Abstract
Past research has established that people can strategically enhance or override impulsive emotional behaviour with implementation intentions (Eder, Rothermund, & Proctor, 2010). However, it is unclear whether emotional action tendencies change by intentional processes or by habit formation processes due to repeated enactment of the intention (or both). The present study shows that forming implementation intentions is sufficient to modulate emotional action tendencies. Participants received instructions about how to respond to positive and negative stimuli on evaluation trials but no such trials were actually presented. Results showed that merely intending to approach and avoid affective stimuli influenced emotional action tendencies in a modified affective Simon task in which affective valence was irrelevant. An affective Simon effect (i.e., faster reactions when the valence of the stimulus corresponded with the valence of the movement) was observed when participants intended evaluations with affectively congruent responses (i.e., positive–approach, negative–avoid); in contrast, the effect was reversed in direction when participants planned evaluations with incongruent responses (i.e., positive–avoid, negative–approach). Thus, implementation intentions can regulate implicit emotional responses even in the absence of possible habit formation processes. Implications for dual-system accounts of emotion regulation are discussed.
Notes
1In contrast to general goal intentions (“I want to achieve z!”), implementation intentions additionally specify when, where, and how to pursue a goal (“When I encounter x, then I will perform behaviour y to achieve z!”). In the present research, evaluation represents the goal intention that was additionally furnished with implementation intentions that specify when (red border), where (picture content), and how (lever movement) to evaluate. With congruent and incongruent response instructions for the evaluation task, people thus prepare different sets of implementation intentions that link opposite responses to affective valence.

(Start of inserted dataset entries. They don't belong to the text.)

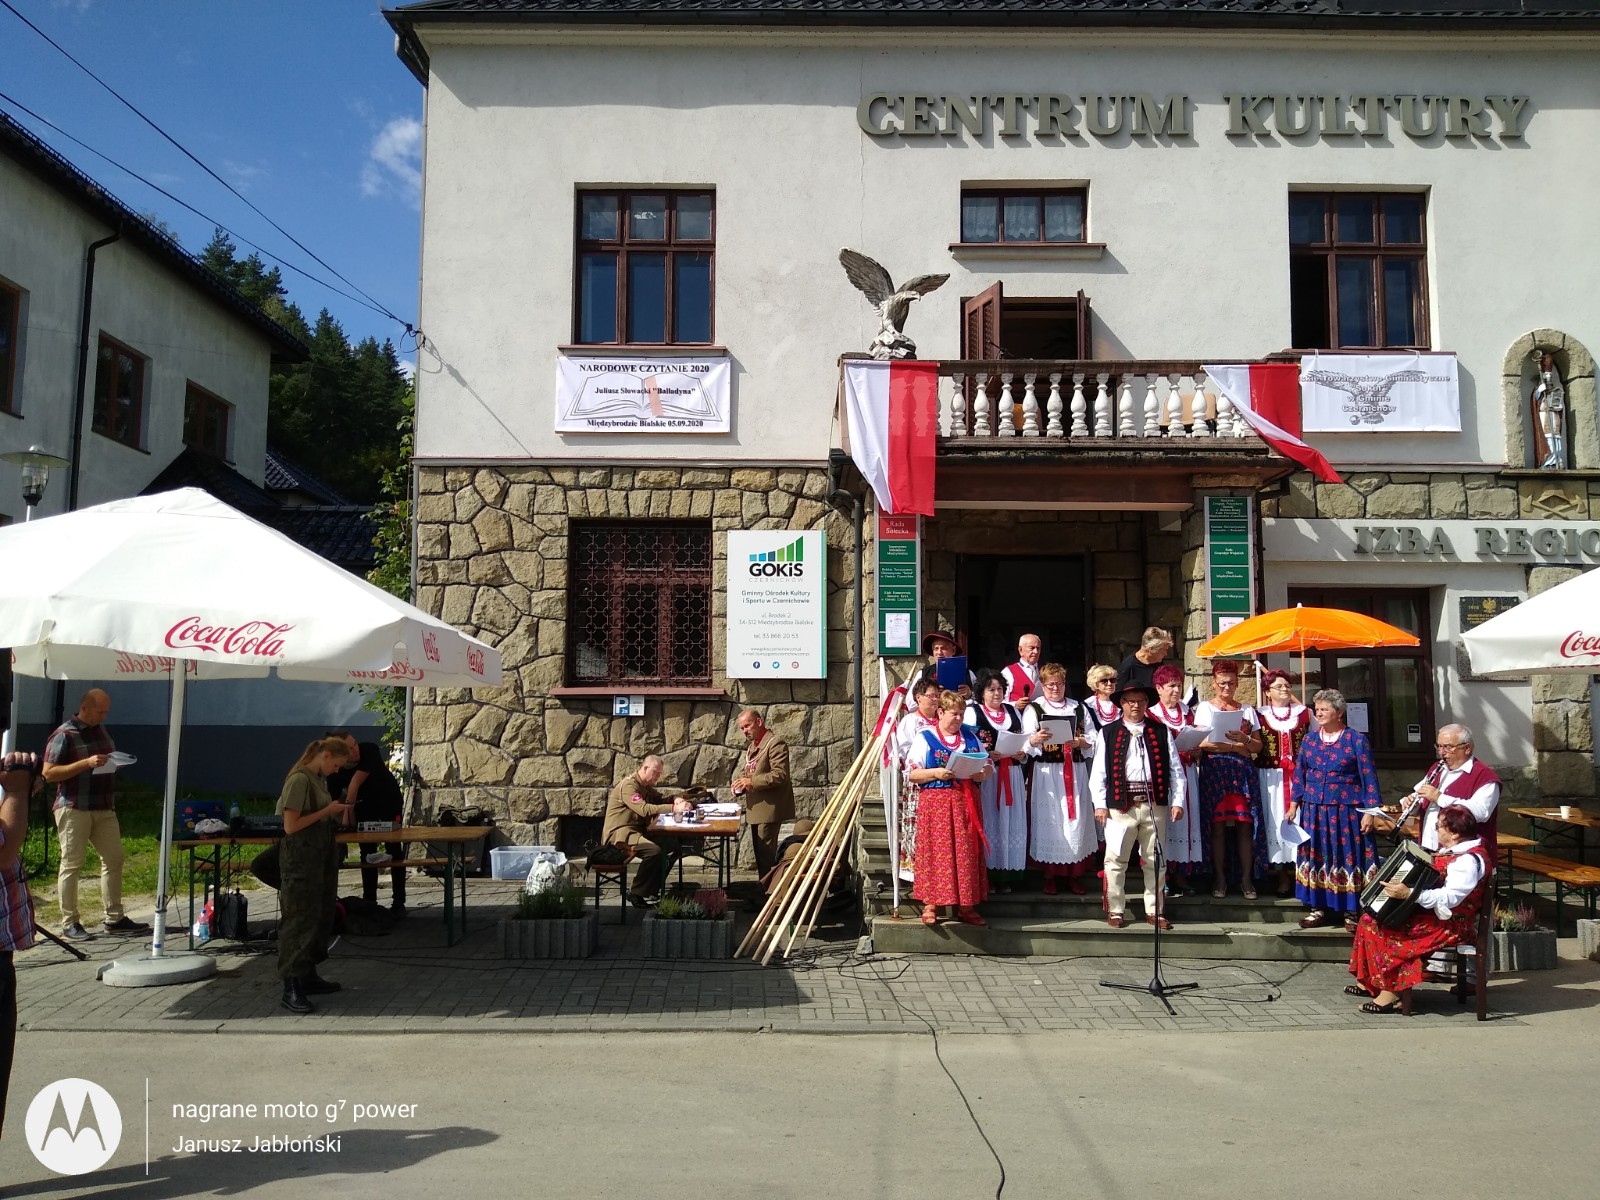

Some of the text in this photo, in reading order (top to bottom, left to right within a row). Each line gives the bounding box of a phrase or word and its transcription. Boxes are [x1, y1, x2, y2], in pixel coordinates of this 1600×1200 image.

[856, 92, 1530, 140] CENTRUM KULTURY
[579, 364, 710, 373] NARODOWE CZYTANIE 2020
[1385, 374, 1451, 383] Gimnastyczne
[594, 387, 619, 395] Juliusz
[652, 387, 696, 396] "Balladyna"
[1357, 394, 1391, 402] Gminie
[587, 419, 704, 428] Międzybrodzie Bialskie 05.09.2020
[1353, 526, 1600, 557] IZBA REGIO
[749, 562, 804, 577] GOKiS
[165, 616, 296, 656] Coca-Cola
[615, 696, 629, 714] P

2Note that this prediction applies only to withholding a negated behavioural response but not to other types of inhibitory control like resistance to distracter interference, selective attention, and global response suppression (Friedman & Miyake, Citation2004; Hofmann et al., 2009). In fact, evidence is available that in selective-attention conditions temptation-inhibiting intentions (e.g., “If I encounter a distraction, then I will ignore it!”) are even more effective than task-facilitating intentions (e.g., “If I encounter a distraction, then I will focus harder on the task!”) to resist distractions (Parks-Stamm et al., 2010; Patterson & Mischel, Citation1976; see Gollwitzer, Bayer, & McCulloch, Citation2005, for an overview). Furthermore, people can strategically switch from an intention specifying a negated unwanted response (e.g., “If I see a TV ad, then I will not look at it”) to one specifying a wanted response (e.g., “If I see a TV ad, then I will switch the TV channel”). Thus, multiple regulatory strategies exist to cope with unwanted behavioural tendencies, and researchers should carefully distinguish between different types of control functions when evaluating the hypothesis of ironic control effects.